┌──

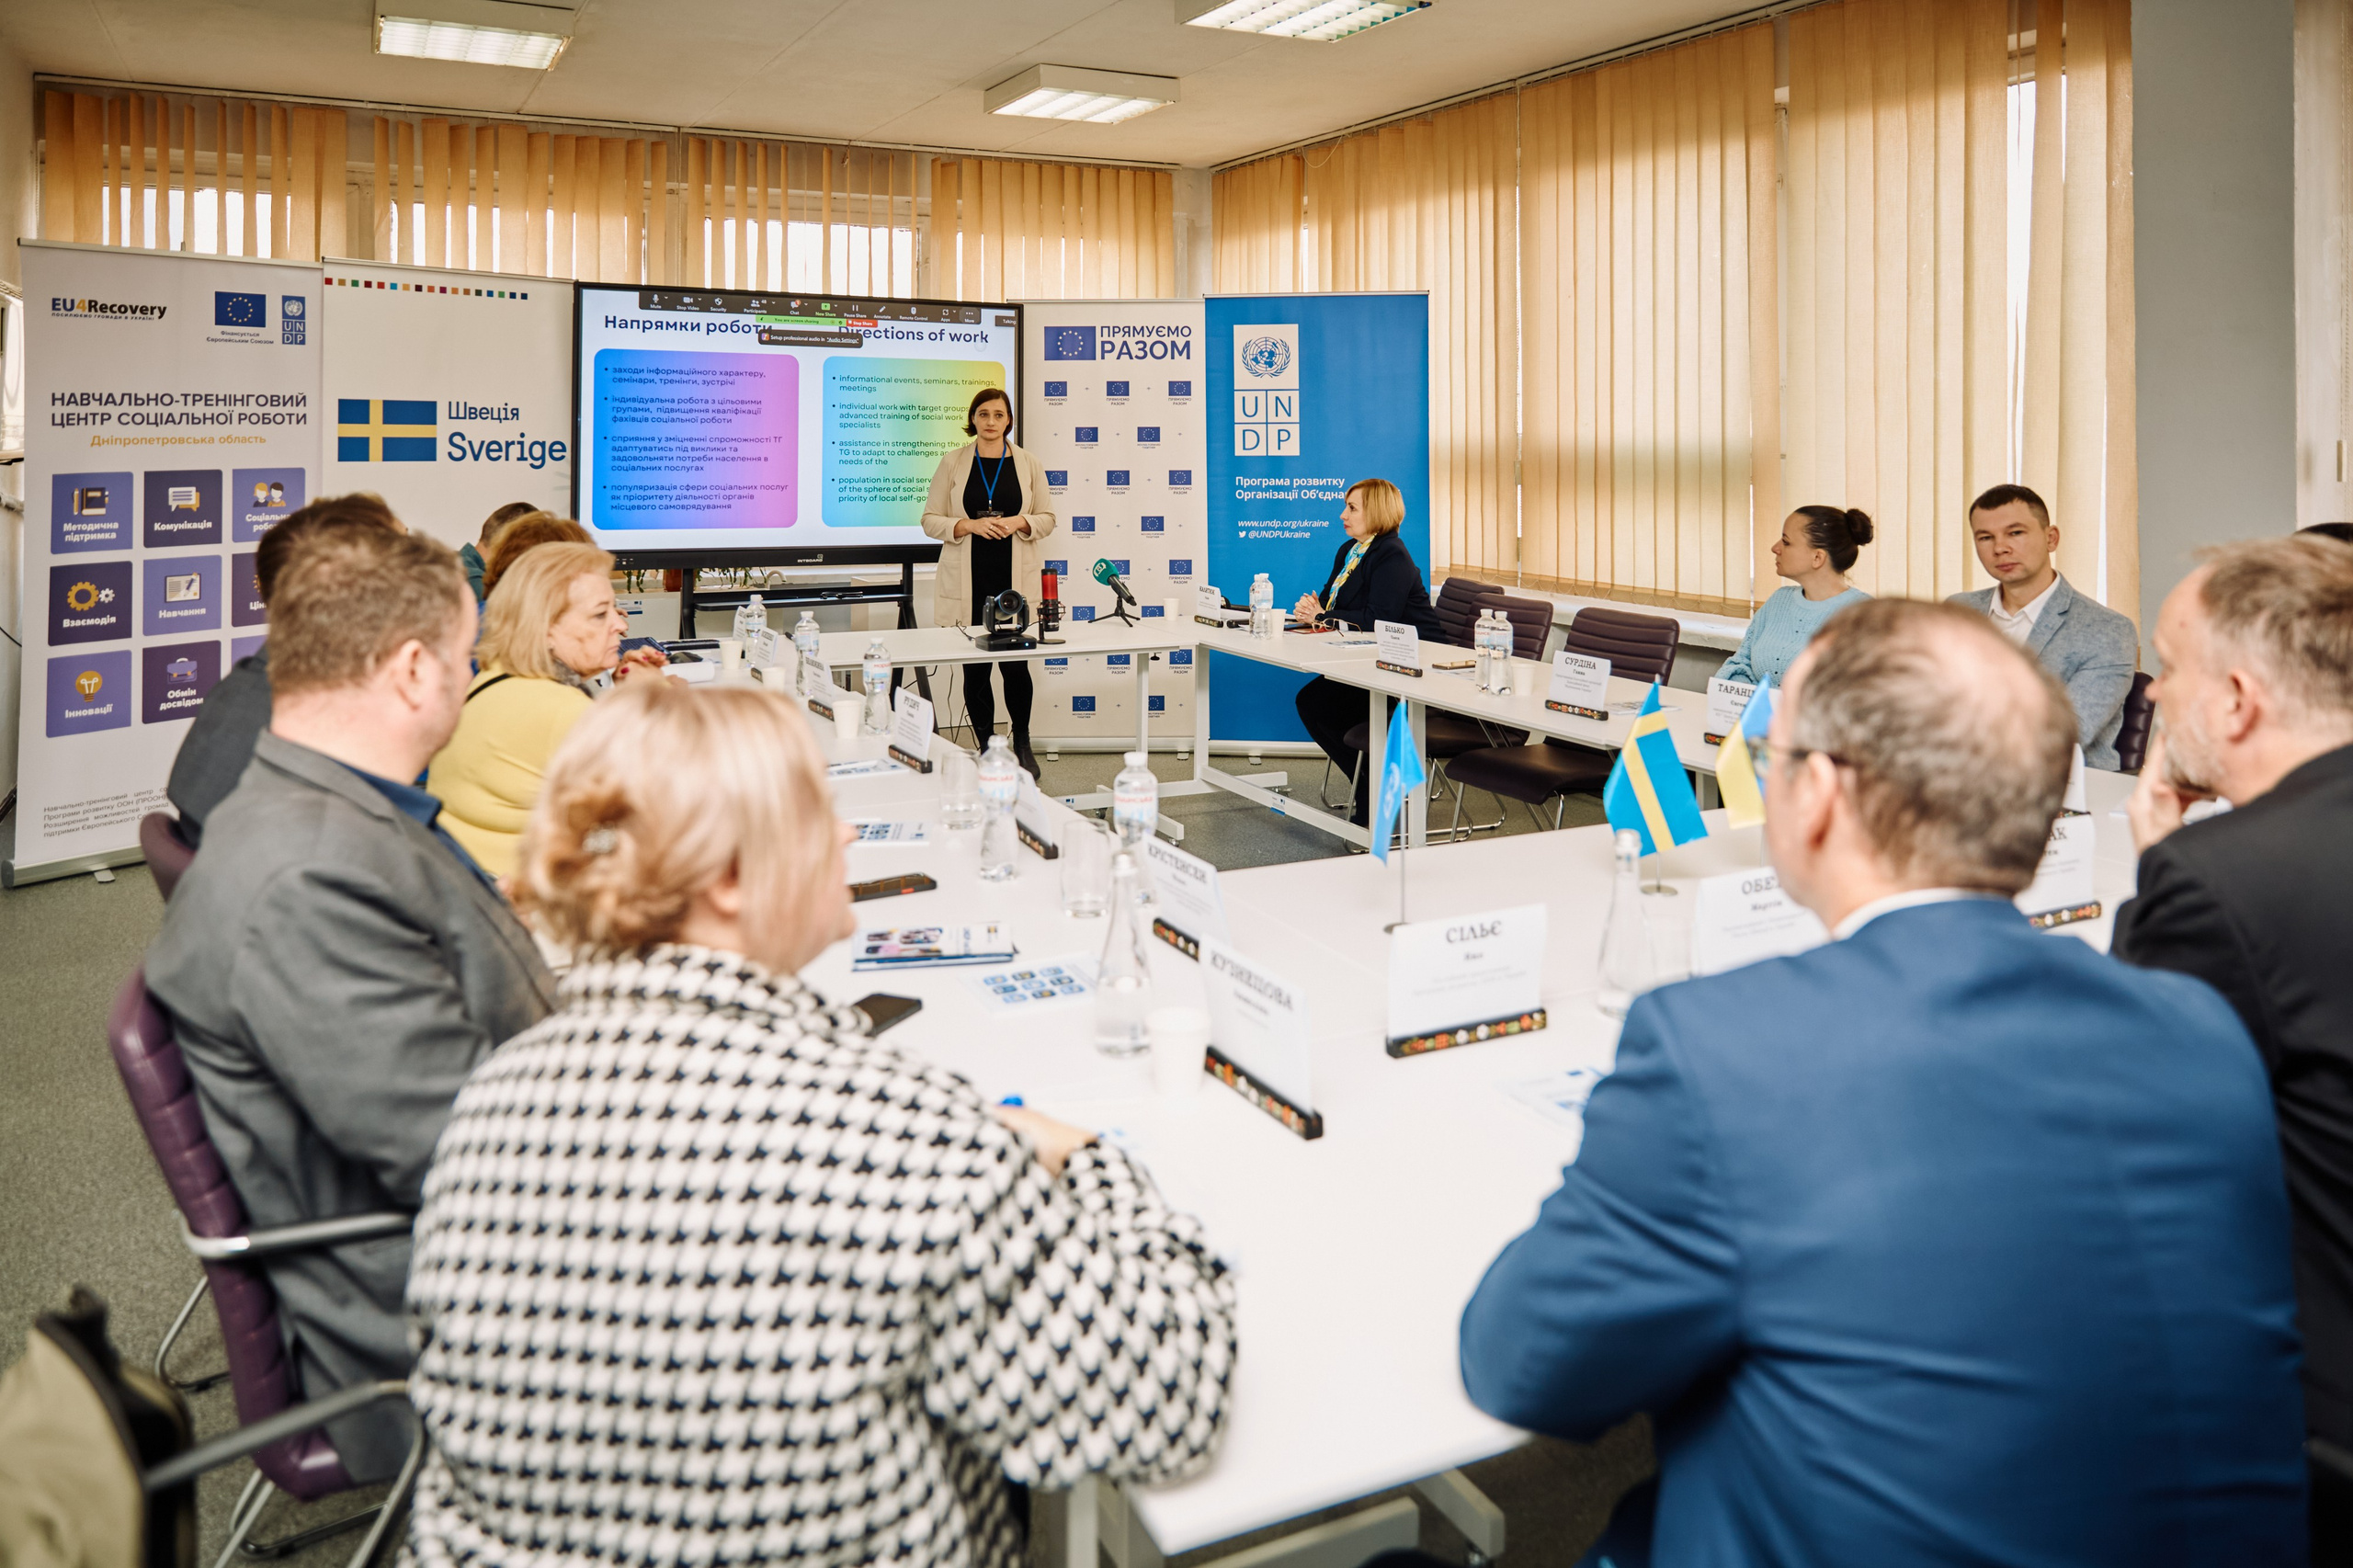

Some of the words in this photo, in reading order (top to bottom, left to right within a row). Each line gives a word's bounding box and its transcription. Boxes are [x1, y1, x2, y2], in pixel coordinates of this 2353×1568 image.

[51, 298, 167, 319] EU4Recovery
[605, 315, 700, 333] Напрямки
[928, 328, 945, 342] of
[949, 331, 989, 344] work
[1100, 325, 1192, 338] ПРЯМУЄМО
[1100, 340, 1190, 360] РАЗОМ
[646, 367, 717, 377] інформаційного
[719, 369, 767, 379] характеру,
[612, 377, 657, 385] семінари,
[659, 377, 699, 386] тренінги,
[839, 375, 892, 383] informational
[923, 378, 961, 386] seminars,
[961, 379, 996, 387] trainings,
[839, 384, 877, 392] meetings
[51, 392, 307, 407] НАВЧАЛЬНО-ТРЕНІНГОВИЙ
[612, 395, 675, 405] індивідуальна
[677, 396, 709, 406] робота
[718, 397, 762, 406] цільовими
[448, 401, 519, 424] Швеція
[612, 406, 653, 415] групами,
[656, 406, 710, 415] підвищення
[711, 407, 762, 415] кваліфікації
[918, 404, 941, 413] target
[51, 413, 111, 428] ЦЕНТР
[118, 410, 233, 427] СОЦІАЛЬНОЇ
[238, 413, 307, 426] РОБОТИ
[612, 415, 649, 424] фахівців
[651, 415, 699, 424] соціальної
[700, 416, 733, 425] роботи
[880, 413, 910, 421] training
[839, 421, 881, 429] specialists
[90, 435, 215, 448] Дніпропетровська
[219, 434, 267, 444] область
[665, 435, 708, 444] зміцненні
[709, 436, 771, 445] спроможності
[892, 440, 946, 449] strengthening
[448, 431, 567, 470] Sverige
[611, 445, 674, 453] адаптуватись
[676, 445, 688, 453] під
[897, 449, 938, 458] challenges
[676, 454, 713, 463] потреби
[611, 464, 663, 472] соціальних
[664, 465, 704, 473] послугах
[611, 483, 677, 492] популяризація
[679, 483, 708, 492] сфери
[710, 483, 758, 492] соціальних
[1235, 476, 1290, 487] Програма
[1293, 477, 1346, 488] розвитку
[864, 485, 891, 494] sphere
[623, 493, 673, 502] пріоритету
[675, 493, 721, 502] діяльності
[722, 493, 755, 501] органів
[838, 494, 867, 503] priority
[1235, 490, 1299, 501] Організації
[611, 503, 657, 512] місцевого
[658, 504, 732, 512] самоврядування
[63, 521, 119, 531] Методична
[153, 520, 212, 531] Комунікація
[1238, 519, 1329, 528] www.undp.org/ukraine
[64, 530, 117, 543] підтримка
[1248, 530, 1311, 539] @UNDPUkraine
[159, 607, 206, 619] Навчання
[63, 615, 116, 628] Взаємодія
[1564, 656, 1597, 670] СУРДІНА
[167, 687, 197, 699] Обмін
[159, 697, 204, 710] досвідом
[64, 704, 113, 719] Інновації
[44, 794, 128, 812] Навчально-тренінговий
[117, 800, 133, 808] ООН

└──

* _Directions_
Exact copy, no pictures: reproduce every record as it stands.

* _Response area_
Some of the words in this photo, in reading order (top to bottom, left to right within a row). Each line gives a word's bounding box and its transcription. Boxes are [x1, y1, x2, y2], in pixel coordinates of this 2353×1568 image.

[51, 298, 167, 319] EU4Recovery
[605, 315, 700, 333] Напрямки
[928, 328, 945, 342] of
[949, 331, 989, 344] work
[1100, 325, 1192, 338] ПРЯМУЄМО
[1100, 340, 1190, 360] РАЗОМ
[646, 367, 717, 377] інформаційного
[719, 369, 767, 379] характеру,
[612, 377, 657, 385] семінари,
[659, 377, 699, 386] тренінги,
[839, 375, 892, 383] informational
[923, 378, 961, 386] seminars,
[961, 379, 996, 387] trainings,
[839, 384, 877, 392] meetings
[51, 392, 307, 407] НАВЧАЛЬНО-ТРЕНІНГОВИЙ
[612, 395, 675, 405] індивідуальна
[677, 396, 709, 406] робота
[718, 397, 762, 406] цільовими
[448, 401, 519, 424] Швеція
[612, 406, 653, 415] групами,
[656, 406, 710, 415] підвищення
[711, 407, 762, 415] кваліфікації
[918, 404, 941, 413] target
[51, 413, 111, 428] ЦЕНТР
[118, 410, 233, 427] СОЦІАЛЬНОЇ
[238, 413, 307, 426] РОБОТИ
[612, 415, 649, 424] фахівців
[651, 415, 699, 424] соціальної
[700, 416, 733, 425] роботи
[880, 413, 910, 421] training
[839, 421, 881, 429] specialists
[90, 435, 215, 448] Дніпропетровська
[219, 434, 267, 444] область
[665, 435, 708, 444] зміцненні
[709, 436, 771, 445] спроможності
[892, 440, 946, 449] strengthening
[448, 431, 567, 470] Sverige
[611, 445, 674, 453] адаптуватись
[676, 445, 688, 453] під
[897, 449, 938, 458] challenges
[676, 454, 713, 463] потреби
[611, 464, 663, 472] соціальних
[664, 465, 704, 473] послугах
[611, 483, 677, 492] популяризація
[679, 483, 708, 492] сфери
[710, 483, 758, 492] соціальних
[1235, 476, 1290, 487] Програма
[1293, 477, 1346, 488] розвитку
[864, 485, 891, 494] sphere
[623, 493, 673, 502] пріоритету
[675, 493, 721, 502] діяльності
[722, 493, 755, 501] органів
[838, 494, 867, 503] priority
[1235, 490, 1299, 501] Організації
[611, 503, 657, 512] місцевого
[658, 504, 732, 512] самоврядування
[63, 521, 119, 531] Методична
[153, 520, 212, 531] Комунікація
[1238, 519, 1329, 528] www.undp.org/ukraine
[64, 530, 117, 543] підтримка
[1248, 530, 1311, 539] @UNDPUkraine
[159, 607, 206, 619] Навчання
[63, 615, 116, 628] Взаємодія
[1564, 656, 1597, 670] СУРДІНА
[167, 687, 197, 699] Обмін
[159, 697, 204, 710] досвідом
[64, 704, 113, 719] Інновації
[44, 794, 128, 812] Навчально-тренінговий
[117, 800, 133, 808] ООН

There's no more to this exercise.